CW: misogyny, sexual harassment 

Meta has announced the rolling out of a “personal boundary tool”, prohibiting avatars from coming within nearly four-feet of one another in its Horizon virtual reality experiences. Avatars will now be immobilised upon approach and have to “extend their arms to be able to high-five or fist bump.” This follows reports of harassment from multiple female beta testers of the game being groped by strangers in these Horizon Worlds. Until now, Meta had responded with casual victim-blaming, telling female testers that they should have activated the “Safe Zone” tool if they felt threatened.

It is unsurprising that sexual harassment has made its way from reality into the metaverse. Last summer Ubisoft, maker of top games like Assassin’s Creed, faced allegations of sexual harassment and misconduct. Similarly, Riot Games, maker of League of Legends was accused of sexist culture in 2018, leading to a company walkout in 2019 and class-action lawsuits for gender discrimination. Most recently, Activation Blizzard, creator of popular franchises like Call of Duty and World of Warcraft, was sued by the State of California for discrimination, sexual harassment and assault of women in the workplace. The case was almost immediately settled with an $18 million payout, however as seen by the inappropriacy in the metaverse, perversity remains at the core of the gaming industry. 

Documentary-drama The Social Dilemma, brought to Netflix late last year sought to enlighten viewers of the issues that social platforms, including Meta’s Facebook and Instagram, entail. Attracting a swarming volume of 38 million views within the first 28 days of release, the exposé film revealed shock-statistics such as an 151% increase in female preteen suicide as a result of social media usage. However, this docudrama only grazed the surface of gender issues cultivated by social media and incited no retrospection from Meta to act in protection of their female users. 

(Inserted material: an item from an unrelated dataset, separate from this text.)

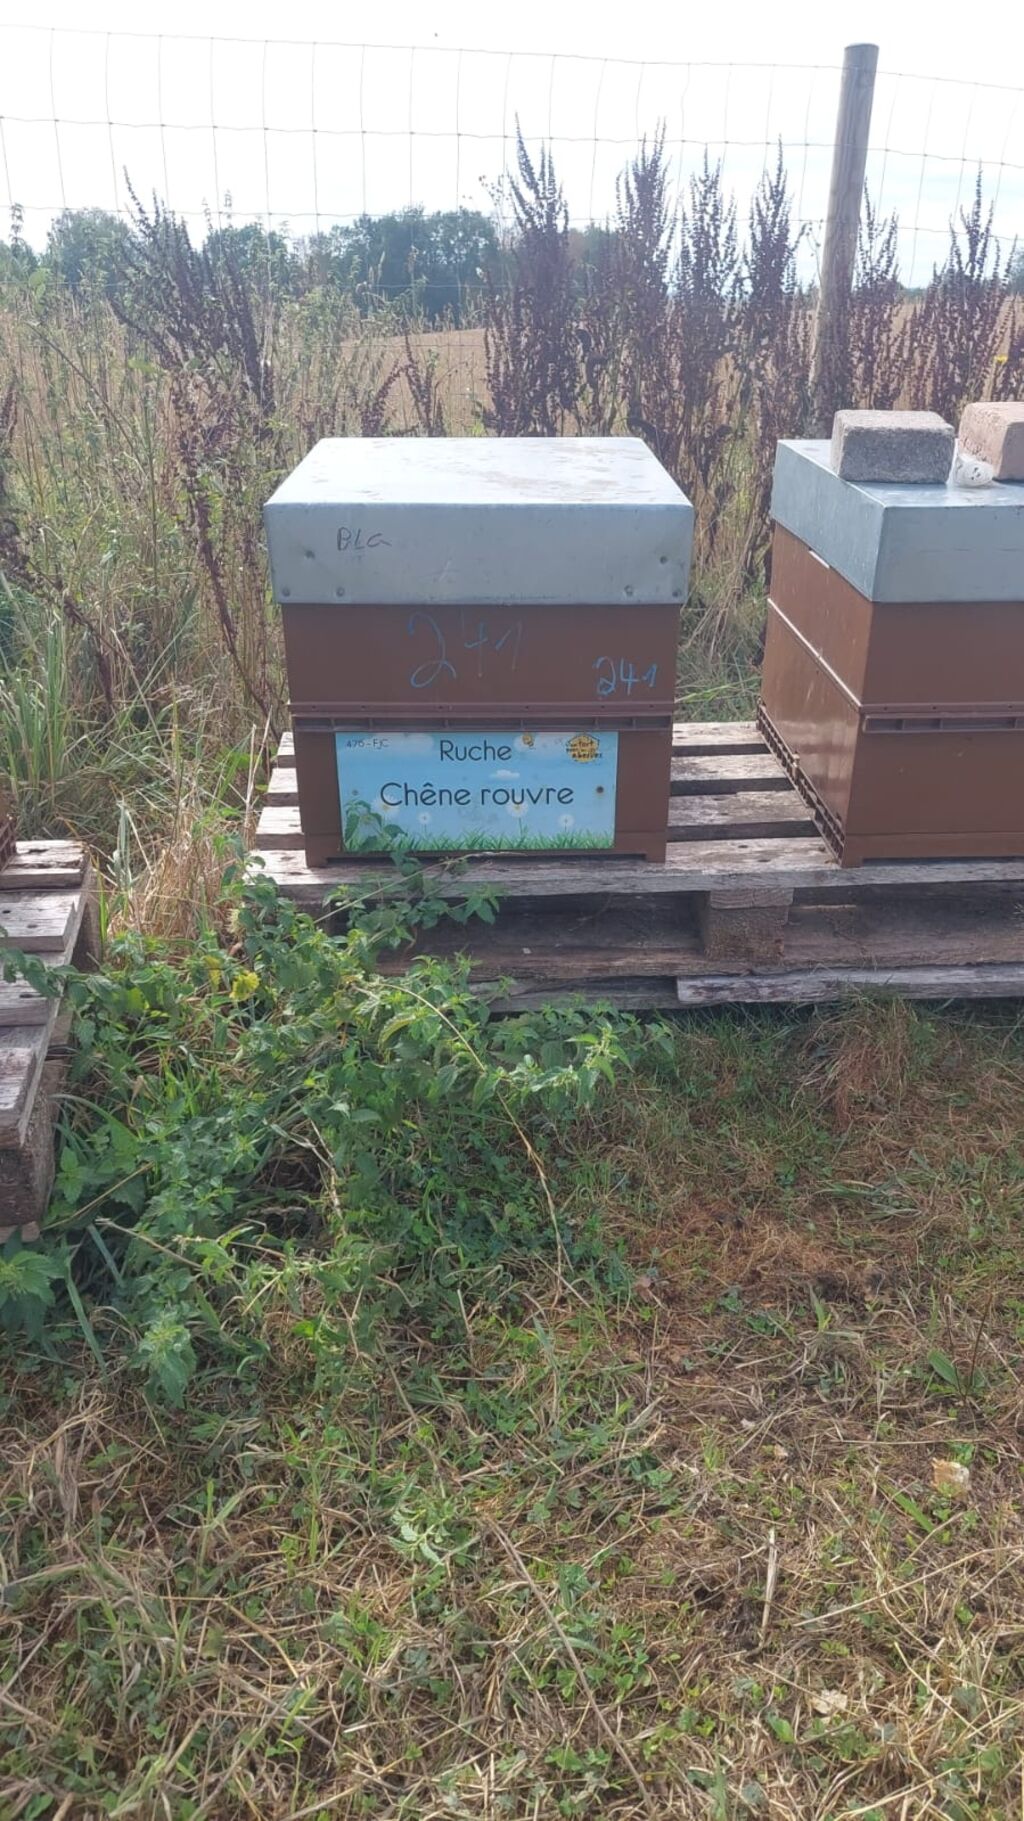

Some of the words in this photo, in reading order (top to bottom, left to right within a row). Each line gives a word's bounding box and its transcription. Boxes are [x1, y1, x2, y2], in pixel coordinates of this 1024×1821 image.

We should recall that Meta, until recently known as Facebook, was originally birthed ‘Facemash’; a tool that Mark Zuckerberg created for male students to rate the attractiveness of their female classmates. The nonce word, punning on words ‘face’ and ‘smash,’ not only correlated appearances with female worth, but also advocated sexual violence.  As the company evolved into Facebook, these values were not abandoned, only amplified. Women reported being sent explicit, offensive, insulting or graphic messages and images on the platform, or having their own private photos shared without consent. Conducted in 2019, The Survation poll revealed 29% of women experienced sexual harassment on the platform and of those that reported this, 52% were ignored or told that there had not been a breach of community guidelines. Despite voicing intent to take action, the victim-blaming of female beta testers in the metaverse only echoes Facebook’s inherent misogyny that, unlike their re-brand, has not been resolved. 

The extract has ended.